## Exercise
Please transcribe the entries below without changing a single character.
** Material provided follows **
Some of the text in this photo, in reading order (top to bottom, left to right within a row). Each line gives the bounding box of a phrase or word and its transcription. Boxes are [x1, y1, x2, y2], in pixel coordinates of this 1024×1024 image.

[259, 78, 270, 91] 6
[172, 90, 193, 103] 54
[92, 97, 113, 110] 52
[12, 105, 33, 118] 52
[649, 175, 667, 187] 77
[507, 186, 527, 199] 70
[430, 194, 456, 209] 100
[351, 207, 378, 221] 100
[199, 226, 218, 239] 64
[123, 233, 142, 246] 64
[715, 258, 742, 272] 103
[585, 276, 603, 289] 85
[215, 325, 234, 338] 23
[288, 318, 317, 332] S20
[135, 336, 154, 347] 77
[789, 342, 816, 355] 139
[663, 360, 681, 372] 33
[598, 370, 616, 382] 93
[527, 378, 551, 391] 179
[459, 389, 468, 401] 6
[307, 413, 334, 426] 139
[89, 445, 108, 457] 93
** End of Material provided **
## Solution for this exercise
Some of the text in this photo, in reading order (top to bottom, left to right within a row). Each line gives the bounding box of a phrase or word and its transcription. Boxes are [x1, y1, x2, y2], in pixel coordinates of this 1024×1024 image.

[259, 78, 270, 91] 6
[172, 90, 193, 103] 54
[92, 97, 113, 110] 52
[12, 105, 33, 118] 52
[649, 175, 667, 187] 77
[507, 186, 527, 199] 70
[430, 194, 456, 209] 100
[351, 207, 378, 221] 100
[199, 226, 218, 239] 64
[123, 233, 142, 246] 64
[715, 258, 742, 272] 103
[585, 276, 603, 289] 85
[215, 325, 234, 338] 23
[288, 318, 317, 332] S20
[135, 336, 154, 347] 77
[789, 342, 816, 355] 139
[663, 360, 681, 372] 33
[598, 370, 616, 382] 93
[527, 378, 551, 391] 179
[459, 389, 468, 401] 6
[307, 413, 334, 426] 139
[89, 445, 108, 457] 93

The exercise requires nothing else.